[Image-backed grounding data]
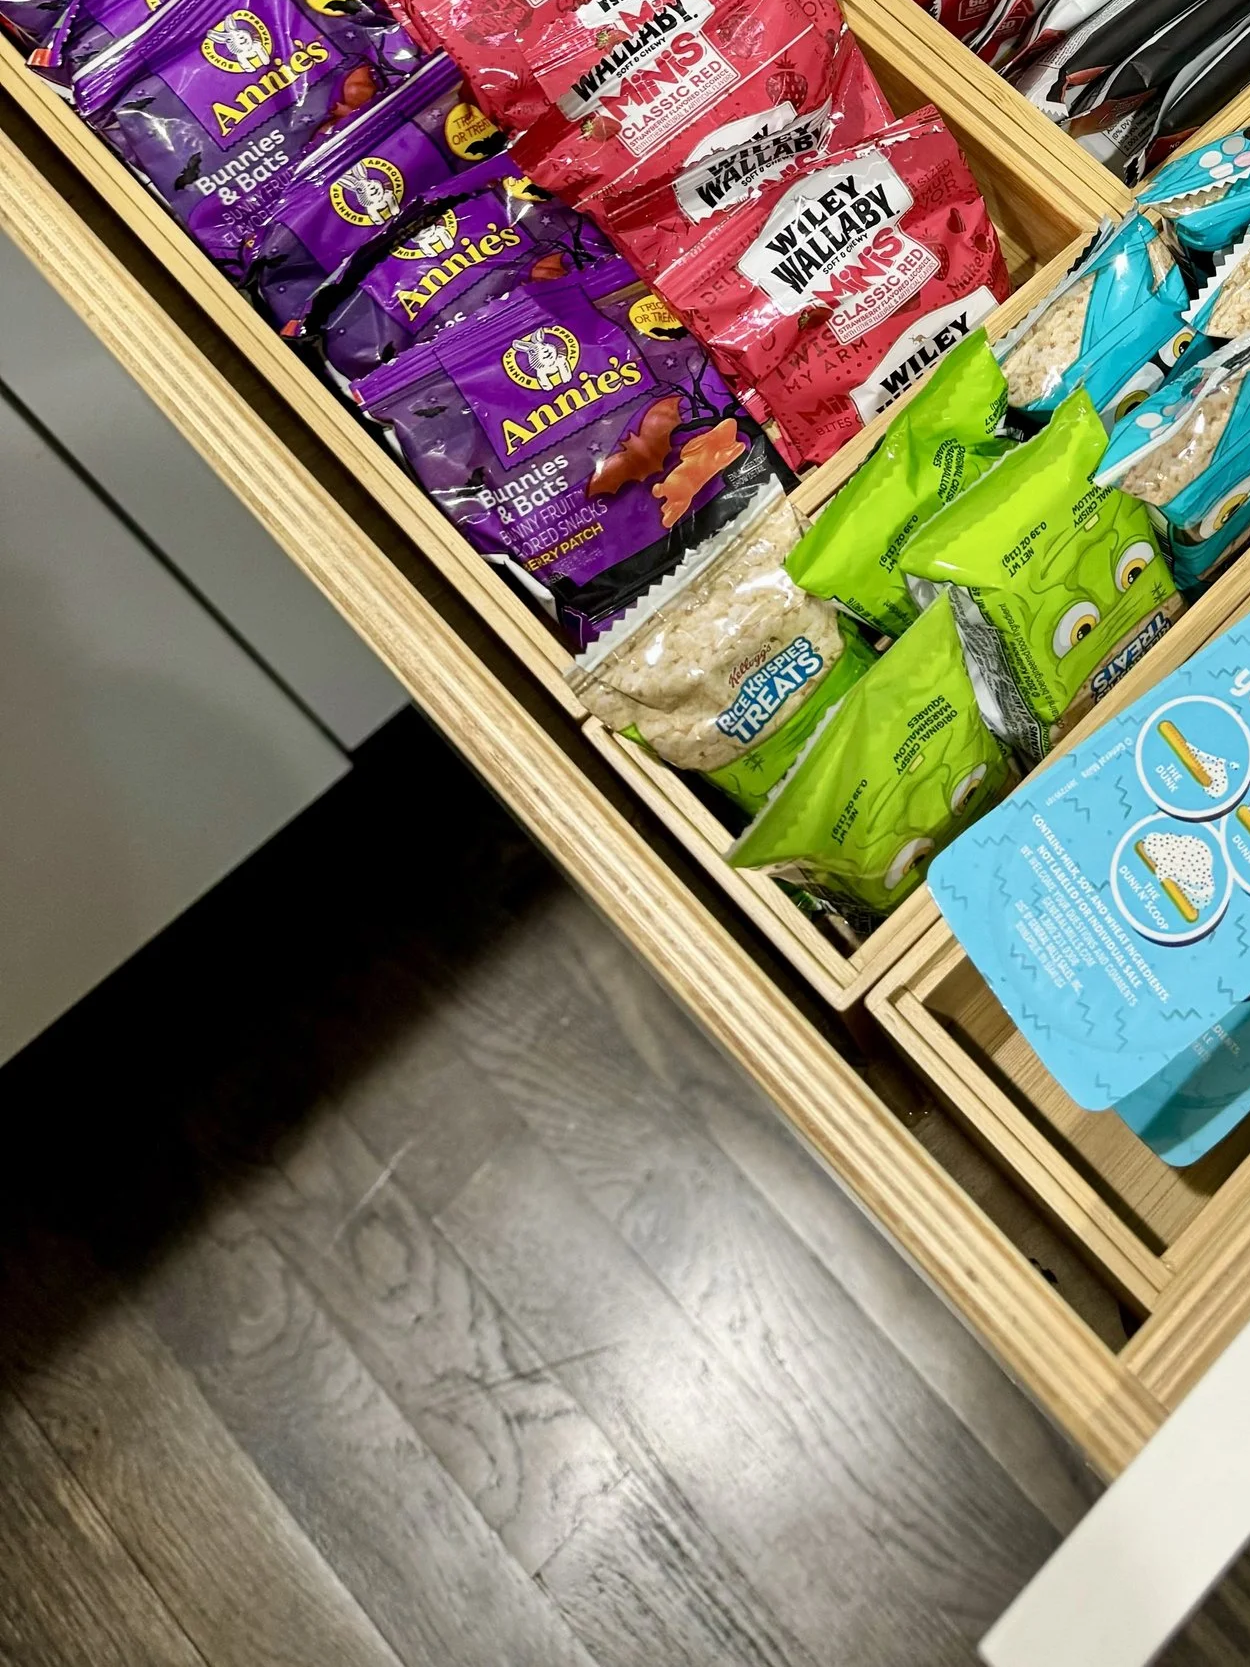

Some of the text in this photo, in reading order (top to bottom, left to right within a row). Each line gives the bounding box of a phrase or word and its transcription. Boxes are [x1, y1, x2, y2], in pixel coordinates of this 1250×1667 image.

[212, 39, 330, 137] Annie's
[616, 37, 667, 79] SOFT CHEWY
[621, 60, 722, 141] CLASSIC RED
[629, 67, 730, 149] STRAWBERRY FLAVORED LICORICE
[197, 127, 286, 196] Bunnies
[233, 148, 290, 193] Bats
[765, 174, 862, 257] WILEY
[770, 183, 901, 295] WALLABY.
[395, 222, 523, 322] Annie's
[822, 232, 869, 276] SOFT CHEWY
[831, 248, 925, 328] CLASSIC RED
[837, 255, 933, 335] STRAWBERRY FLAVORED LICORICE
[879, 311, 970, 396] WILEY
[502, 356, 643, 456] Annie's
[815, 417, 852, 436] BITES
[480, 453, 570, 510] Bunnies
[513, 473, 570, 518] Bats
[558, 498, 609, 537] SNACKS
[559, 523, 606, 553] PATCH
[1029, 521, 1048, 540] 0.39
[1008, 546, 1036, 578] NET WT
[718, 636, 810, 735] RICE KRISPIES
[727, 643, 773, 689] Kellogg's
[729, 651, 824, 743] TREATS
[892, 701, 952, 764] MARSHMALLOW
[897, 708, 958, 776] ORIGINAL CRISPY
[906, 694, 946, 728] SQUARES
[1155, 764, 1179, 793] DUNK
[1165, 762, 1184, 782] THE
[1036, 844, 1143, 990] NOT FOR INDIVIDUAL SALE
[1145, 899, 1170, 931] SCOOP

Directions :: Pictures do not go in the copy; print every entry exactly as it stands.

Answer section ::
Some of the text in this photo, in reading order (top to bottom, left to right within a row). Each line gives the bounding box of a phrase or word and its transcription. Boxes are [x1, y1, x2, y2], in pixel coordinates of this 1250×1667 image.

[212, 39, 330, 137] Annie's
[616, 37, 667, 79] SOFT CHEWY
[621, 60, 722, 141] CLASSIC RED
[629, 67, 730, 149] STRAWBERRY FLAVORED LICORICE
[197, 127, 286, 196] Bunnies
[233, 148, 290, 193] Bats
[765, 174, 862, 257] WILEY
[770, 183, 901, 295] WALLABY.
[395, 222, 523, 322] Annie's
[822, 232, 869, 276] SOFT CHEWY
[831, 248, 925, 328] CLASSIC RED
[837, 255, 933, 335] STRAWBERRY FLAVORED LICORICE
[879, 311, 970, 396] WILEY
[502, 356, 643, 456] Annie's
[815, 417, 852, 436] BITES
[480, 453, 570, 510] Bunnies
[513, 473, 570, 518] Bats
[558, 498, 609, 537] SNACKS
[559, 523, 606, 553] PATCH
[1029, 521, 1048, 540] 0.39
[1008, 546, 1036, 578] NET WT
[718, 636, 810, 735] RICE KRISPIES
[727, 643, 773, 689] Kellogg's
[729, 651, 824, 743] TREATS
[892, 701, 952, 764] MARSHMALLOW
[897, 708, 958, 776] ORIGINAL CRISPY
[906, 694, 946, 728] SQUARES
[1155, 764, 1179, 793] DUNK
[1165, 762, 1184, 782] THE
[1036, 844, 1143, 990] NOT FOR INDIVIDUAL SALE
[1145, 899, 1170, 931] SCOOP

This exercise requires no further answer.